The Importance of a Structured Hiring and Selling Process

During a recent conversation, a mortgage executive expressed concern about installing a structured hiring and selling process even though the organization had a 40% turnover rate. In his opinion, the company’s claim to fame was centered on allowing managers to hire who they wanted and to implement their own sales process. The company’s role was to provide technological and back office support and the manager’s job was to hire and produce volume. This approach might have worked when refinance dominated the market but in a purchase money environment, lack of self-sourcing can be detrimental to long-term sales success.

In my consulting practice, I see this scenario frequently. The reality is that implementing a structured hiring or selling process based on best practices is what separates the top-performing companies from the rest.

In the early days, mortgage banking was rooted in out-servicing their bank competitors by returning phone calls, developing relationships with their customers and being easier to work with. At the time, this was enough to generate business and service levels were really defined by each individual. As competition increased, the business evolved into too many lenders chasing the same clients.

Unfortunately, there are still managers out there who allow good service to be whatever an individual delivers. This results in inconsistent service levels and a hit-or-miss strategy to providing a great customer experience. The bottom-line is that having a structured sales process doesn’t make a company bureaucratic. Instead, it increases the likelihood of the customer having a positive experience across all platforms.

In my view, it all starts with who you hire and determining whether producers have the sales talent to deliver an excellent customer experience. While some managers fear that using a pre-hire assessment would make finding good originators more difficult, hiring salespeople who are not matched to mortgage banking doesn’t make any economic sense. Filtering sales candidates by whether they have mortgage experience or know someone at your company is not entrepreneurial but frankly a failure of leadership because at some point, hiring too many poor originators will tip the balance and damage a company’s earning potential.

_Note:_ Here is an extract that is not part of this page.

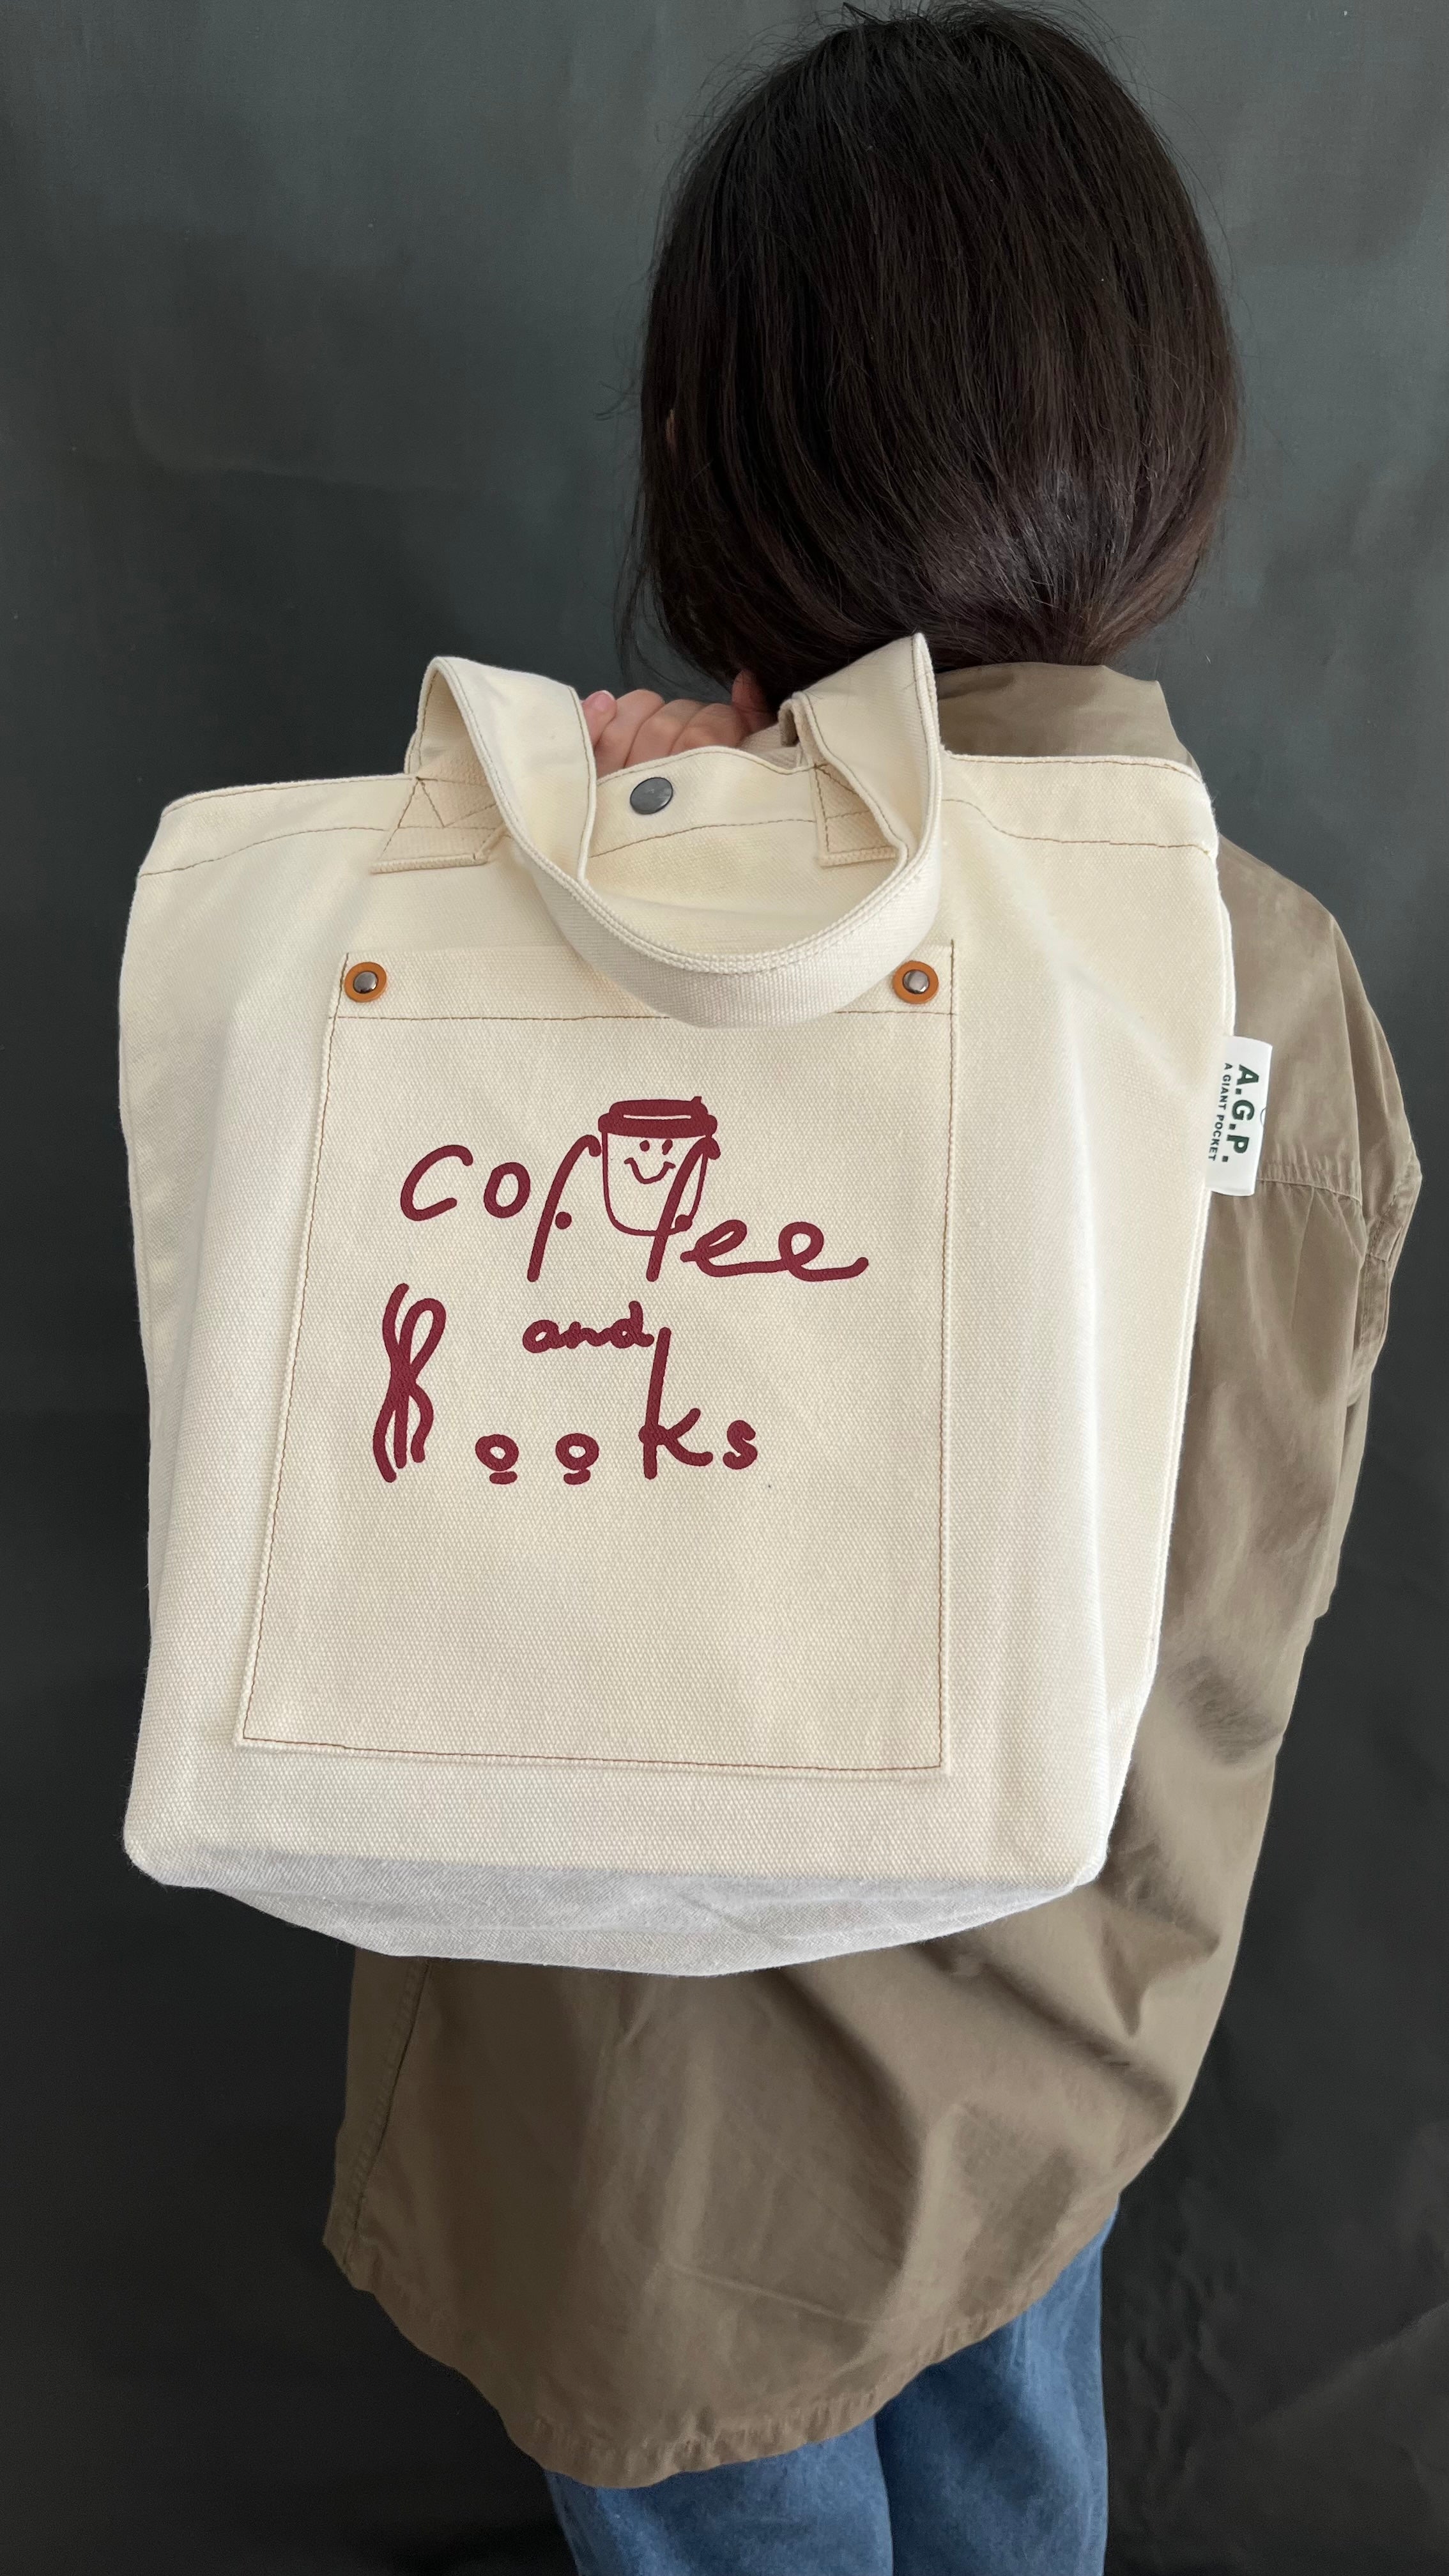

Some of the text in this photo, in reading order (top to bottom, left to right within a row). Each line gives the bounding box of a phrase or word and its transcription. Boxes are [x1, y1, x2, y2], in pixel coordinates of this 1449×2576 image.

In a world of finite resources, a structured hiring process can help prevent costly mistakes. A company with a 40% turnover rate is a train wreck waiting to happen. Consider that in a company with a 1,000 loan officers, 40% turnover means constantly replacing 400 loan officers. Without a structured plan, recruiting standards and quality will inevitably lapse.

Likewise, letting each individual salesperson define his or her own service levels from prospecting to closing and follow up is haphazard at best. Too often, originators don’t know how to connect with new referral sources in today’s much tougher prospecting world. Managers who believe technology will resolve this issue are failing to recognize that the originator’s role is to create demand for the lender’s business and that involves person-to-person contact.

Finally, what does research show when companies have structure in their hiring and selling activities? In a Harvard Business Review article, Jason Jordan and Robert Kelly found that both large and small companies with a formal sales process generate more revenue. I don’t think this is surprising. Having a systematic sales process is a cost-effective way to provide a consistently positive customer experience which encourages referrals. When each branch does its own thing, managers can’t establish what really works across the sales organization.

In the year ahead, implementing a structured hiring and selling process in your sales organization will enable producers to deliver their best and allows you to scale your business.